All Citizens Are Bastards

Personne ne peut être bon dans notre société. La corruption du capitalisme est totale, omniprésente dans chaque aspect de notre existence. Il est impossible d’y vivre d’une bonne manière, en donnant à bon le sens de respectueux de la vie d’autrui. Le citoyen est celui qui est membre d’un État, d’une Nation et/ou d’une société. Tous les États ont des pratiques autoritaires dans bien trop de domaines. Le citoyen, même passif, contribue à la société et donc à la puissance de l’État. Le bon citoyen est celui qui fait du zèle et qui, comme le citoyen passif mais plus fortement, contribue à la société. Le mauvais citoyen est celui qui contribue peu ou mal à la société mais qui ne lutte pas directement contre elle. Tous cautionnent par leur inaction et leurs actions le système en place. Donc oui, de ce point de vue, tous les citoyens sont des bâtards.

Ce texte s’adresse à ceux qui pensent réussir à changer quoi que ce soit sans entrer en véritable conflit avec le système.
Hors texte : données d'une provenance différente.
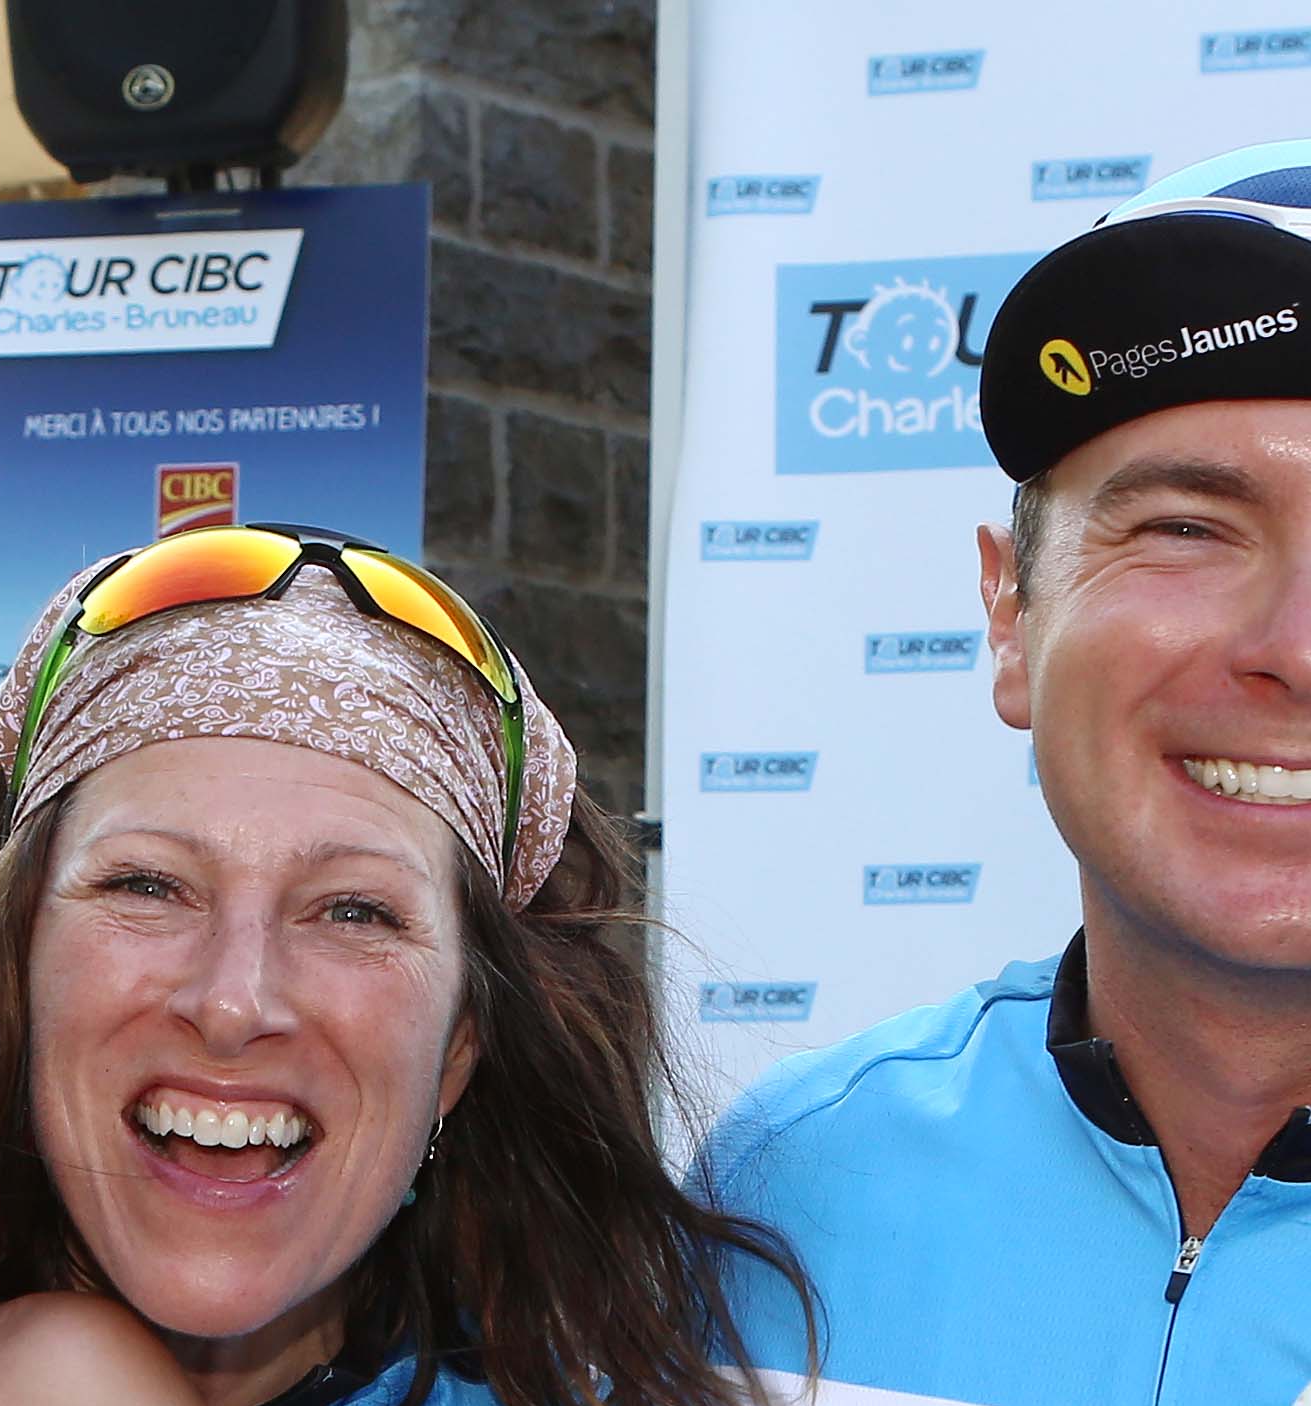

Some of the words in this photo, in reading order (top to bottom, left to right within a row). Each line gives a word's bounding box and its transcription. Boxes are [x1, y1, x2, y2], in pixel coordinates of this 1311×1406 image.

[150, 251, 269, 295] CIBC
[24, 413, 86, 438] MERCI
[111, 409, 171, 437] TOUS
[177, 408, 224, 433] NOS
[229, 404, 366, 432] PARTENAIRES
[162, 472, 232, 501] CIBC
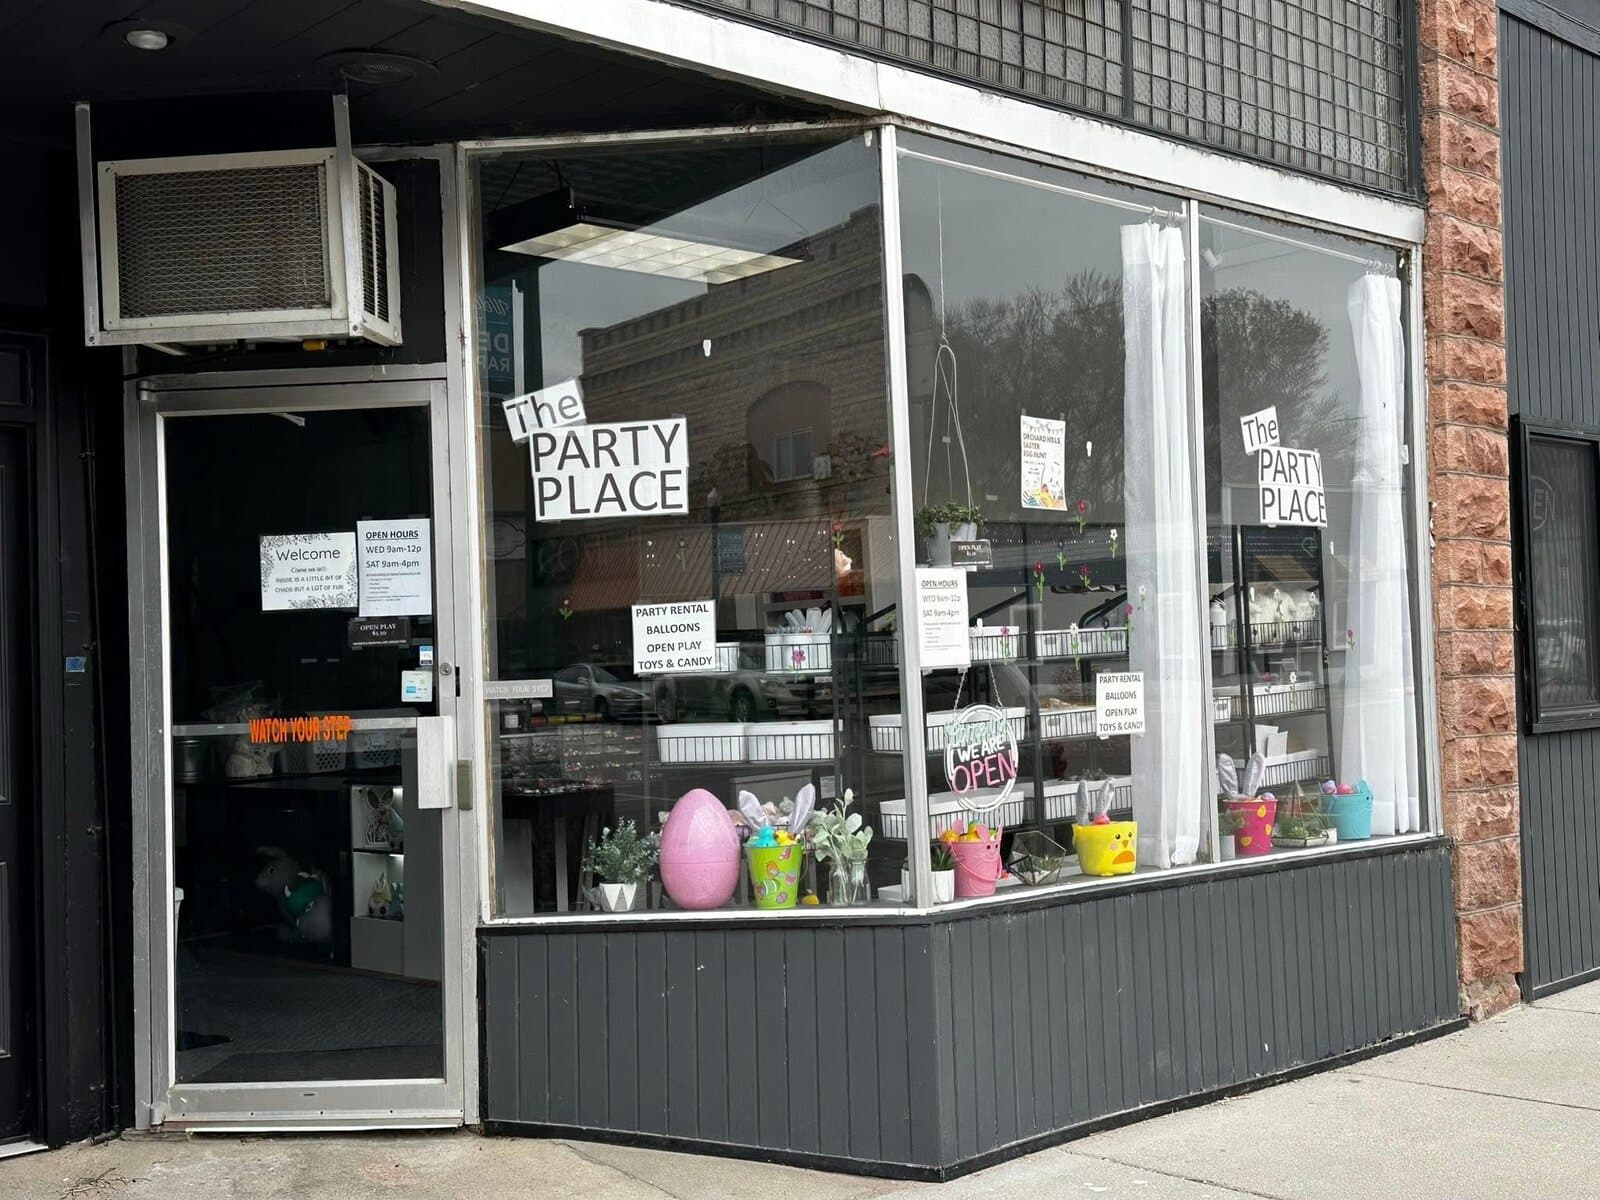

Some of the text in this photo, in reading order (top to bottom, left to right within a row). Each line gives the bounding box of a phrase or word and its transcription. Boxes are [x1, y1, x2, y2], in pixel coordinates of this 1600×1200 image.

[505, 394, 581, 434] The
[1243, 416, 1278, 447] The
[532, 423, 681, 473] PARTY
[1260, 448, 1321, 487] PARTY
[537, 469, 683, 517] PLACE
[1261, 487, 1327, 524] PLACE
[365, 530, 419, 540] OPEN HOURS
[275, 548, 341, 562] Welcome
[365, 545, 422, 554] WED 9am-12p
[366, 559, 420, 569] SAT 9am-4pm
[311, 584, 322, 592] LOT
[921, 580, 937, 588] OPEN
[636, 603, 709, 618] PARTY RENTAL
[646, 622, 701, 635] BALLOONS
[647, 641, 702, 653] OPEN PLAY
[638, 656, 713, 670] TOYS & CANDY
[1099, 674, 1141, 684] PARTY RENTAL
[1105, 691, 1137, 700] BALLOONS
[1105, 708, 1137, 717] OPEN PLAY
[249, 715, 352, 743] WATCH YOUR STEP
[1099, 722, 1116, 732] TOYS
[1117, 722, 1123, 731] &
[957, 735, 1005, 763] WE ARE
[951, 750, 1017, 795] OPEN
Ceux qui disent possible d’améliorer le monde par leur simple action individuelle, rejetant la radicalité. Ceux qui croient au réformisme, au pouvoir de leur influence personnelle, à l’espoir comme moteur de l’évolution.

Il faut nous mettre en perspective, en considérant les privilèges que nous avons. Toutes nos actions, mêmes les plus banales, sont immorales. Car elles résultent d’oppressions sur d’autres individus, qu’il s’agisse du travail, de la violence de la police, du racisme, de la destruction de la nature... Surtout de notre position occidentale, nous nourrissant de l’argent de la colonisation et de l’emprise encore actuelle sur les pays du Sud. Il s’agit d’une critique des bobos gauchistes, qui s’ils peuvent avoir des réflexions justes et des actions bonnes dans un domaine, en agissant individuellement, ils s’y réduisent et agissent inéluctablement en mal sur d’autres domaines. On peut prendre l’exemple du véganisme : si la réflexion sur l’antispécisme est parfaitement juste, on ne peut avoir que la protection animale en tête et en oublier les malheurs des Hommes. Il y a une différence tangible entre celui qui achète à grand prix des nourritures transformées par des paysans surexploitées et des ouvriers subissant les tourments de l’usine, dans un concept-store végan qui a pu s’installer grâce à un phénomène de gentrification et du travail d’exclusion de la force policière, et celui qui permet l’existence d’une cantine végan à prix libre dans un quartier défavorisé avec des produits de récupération et dont les revenus reviennent à un lieu collectif. La différence réside dans l’appartenance ou non au système en place. A quoi bon être bénévole aux Restos du Coeur si c’est pour laisser faire la police quand elle expulse des gens ? A quoi bon faire du mentorat pour des enfants défavorisés si on laisse quotidiennement l’État détruire des vies et l’Ecole mettre ces mêmes enfants à la rue ?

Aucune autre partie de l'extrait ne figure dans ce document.